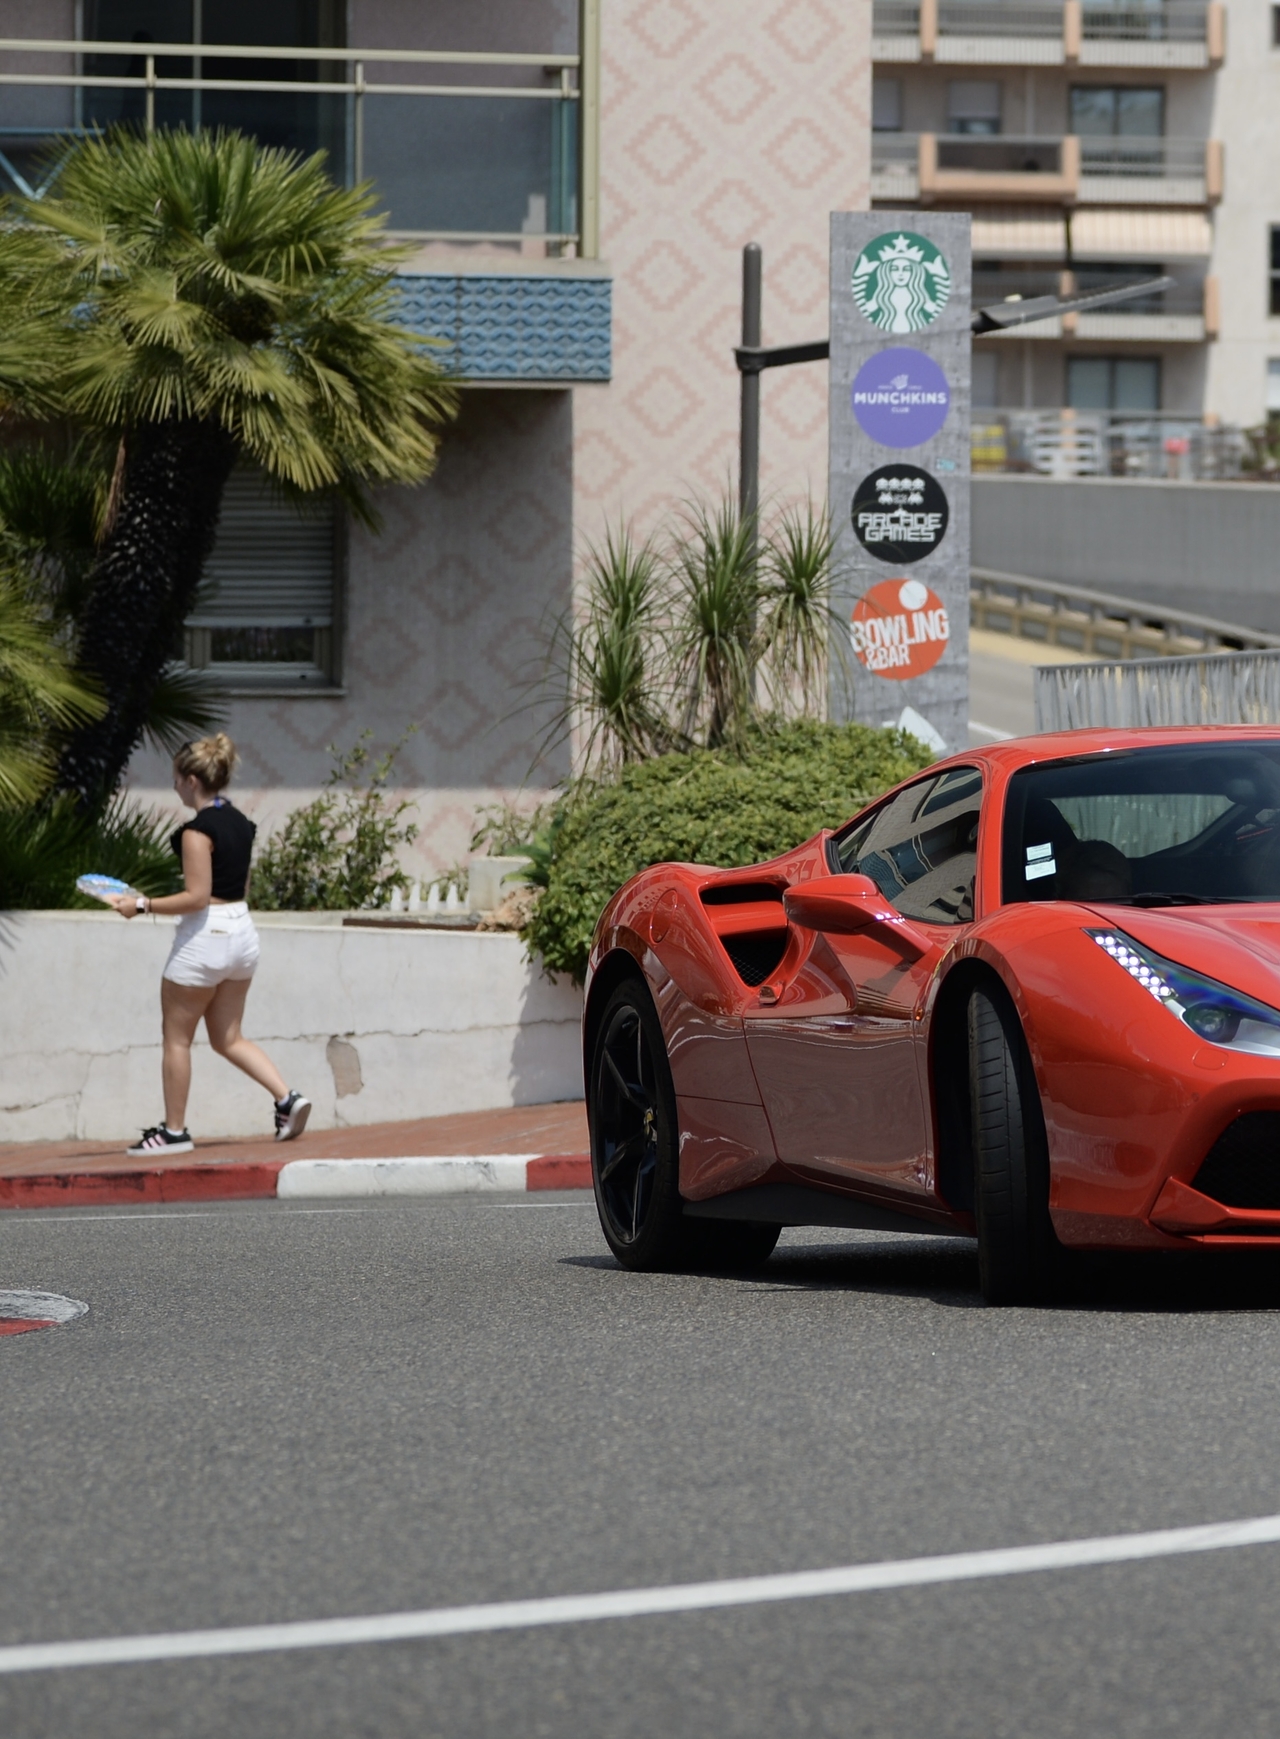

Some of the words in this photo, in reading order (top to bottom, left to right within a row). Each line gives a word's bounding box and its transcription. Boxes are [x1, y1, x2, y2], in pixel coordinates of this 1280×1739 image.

[854, 392, 947, 404] MUNCHKINS
[858, 512, 942, 528] ARCADE
[864, 526, 936, 542] GAMES
[851, 608, 950, 652] BOWLING
[866, 644, 911, 670] &BAR

•••

:: Task details ::
Repeat the material above exactly. Leave every picture out of it.

:: Task solution ::
Some of the words in this photo, in reading order (top to bottom, left to right within a row). Each line gives a word's bounding box and its transcription. Boxes are [x1, y1, x2, y2], in pixel coordinates of this 1280×1739 image.

[854, 392, 947, 404] MUNCHKINS
[858, 512, 942, 528] ARCADE
[864, 526, 936, 542] GAMES
[851, 608, 950, 652] BOWLING
[866, 644, 911, 670] &BAR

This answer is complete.